Image Inference through Multi-Modal LLM Models
MULTIMODAL AI | LLM | OPENAI | GEMINI | VISION
This blog explores the capabilities of multi-modal models in image inference, highlighting their ability to integrate visual and textual information for improved analysis
The emergence of multimodal AI has significantly transformed the landscape of data wrangling. In the past, we relied heavily on text extraction libraries like PyTesseract for tasks such as optical character recognition (OCR). However, the advancement of Vision Transformers and other multimodal models has revolutionized how we process and interpret data. These advanced models are capable of seamlessly integrating information from multiple modalities, such as images and text, providing a more holistic and efficient approach to data extraction and interpretation. This shift has paved the way for more accurate and sophisticated AI-driven solutions across various industries.

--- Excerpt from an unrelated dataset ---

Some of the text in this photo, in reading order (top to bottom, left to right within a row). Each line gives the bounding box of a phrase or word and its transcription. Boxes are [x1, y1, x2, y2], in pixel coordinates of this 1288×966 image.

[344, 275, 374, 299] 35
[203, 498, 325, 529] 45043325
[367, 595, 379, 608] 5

We will start with the actual and important question.
What is meant by MULTI-MODAL?
To help you understand this, I will give you a snippet from Wikipedia.
In simple words, when there is more than one mode of communication, it is said to be multimodal. To understand this, let’s take the example of multimodal communication.
Multimodal pedagogy is an approach to the teaching of writing that implements different modes of communication.Multimodality refers to the use of visual, aural, linguistic, spatial, and gestural modes in differing pieces of media, each necessary to properly convey the information it presents.
what is multimodal AI?
Let’s take this definition from the IBM blog.
Multimodal AI refers to machine learning models capable of processing and integrating information from multiple modalities or types of data. These modalities can include text, images, audio, video, and other forms of sensory input.
Calling large language models (LLMs) for text-based data has become quite straightforward now. However, with the multimodal AI — which integrates text, images, and other forms of data — there has been a lot of confusion regarding how to send requests to LLMs to obtain outputs based on images. Much of the information on this topic is scattered across different sources, making it difficult to find a clear and comprehensive understanding.
To address this issue, I have tried to collect and organize the available data on how to send image-based requests to LLMs. One of the primary differences between text-based and image-based requests lies in the way the requests are constructed.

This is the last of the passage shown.